In the meantime, there are so many
questions about the style Johnson will bring to the global stage. Does he refer
to America as “the new world”? Are there any countries he has yet to mug off?
Will he trail future diplomatic incidents in his Telegraph column? Is it going
to be possible for ironists to get him, Putin, and Donald Trump in a photo –
the Yalta conference of extreme narcissism?
... my favourite bit of film
yet to emerge came on Wednesday night, and features the three most senior Foreign Office mandarins welcoming Boris to his new
Whitehall home. Is it CGI? Because I’m watching three men literally ageing
10 years in the process of a single minute’s footage.

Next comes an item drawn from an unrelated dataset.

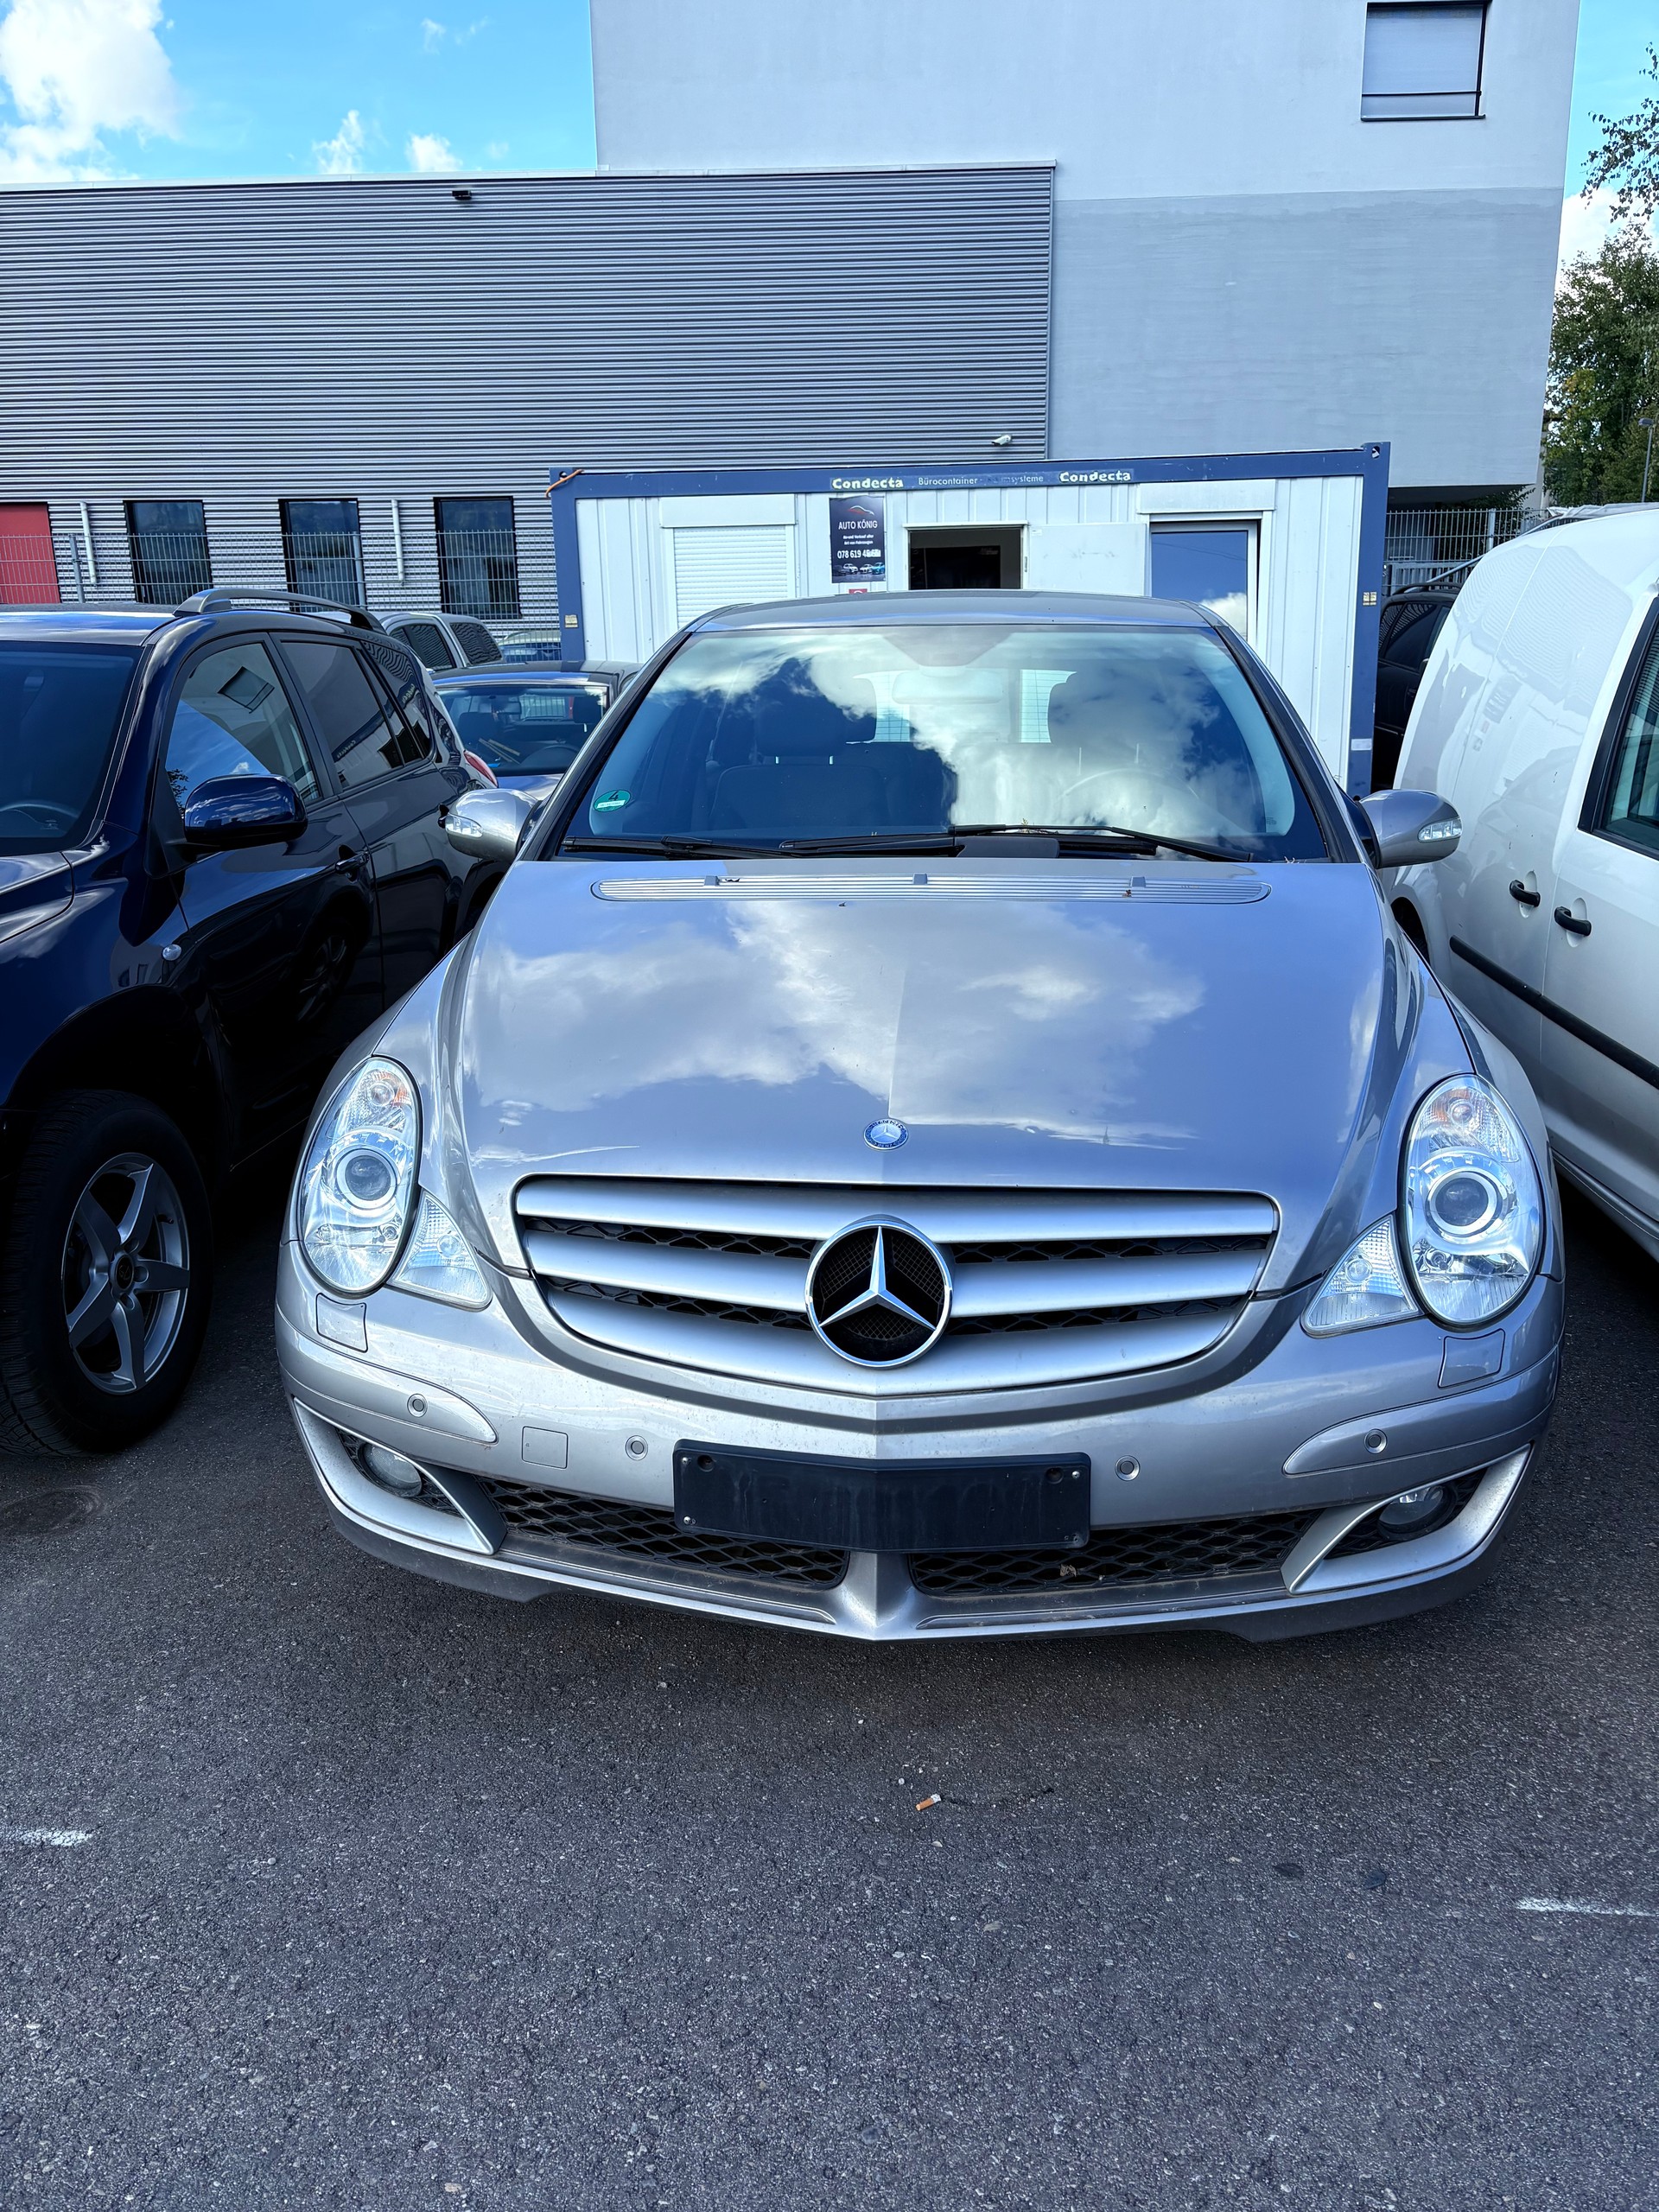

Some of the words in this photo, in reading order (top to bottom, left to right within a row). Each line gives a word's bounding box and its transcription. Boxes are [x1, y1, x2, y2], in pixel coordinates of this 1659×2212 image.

Here they are at the
door, failing to hide the fact that they’re mentally cancelling their weekend
plans – cancelling weekends, really – and preparing to make calls to 112
countries to offer a variant on “Yes, yes, well I’m sure he didn’t really mean
it. He’s quite a character, you know!”
By the time they’re
leading Johnson up the staircase, they are wearing the silent screams of people
who know a non-medicated solution is now off the table, who now regard the
decades of managed decline in their once-great office as the halcyon years, and
whose diary entries that night will read simply: “Suez on a zipwire”.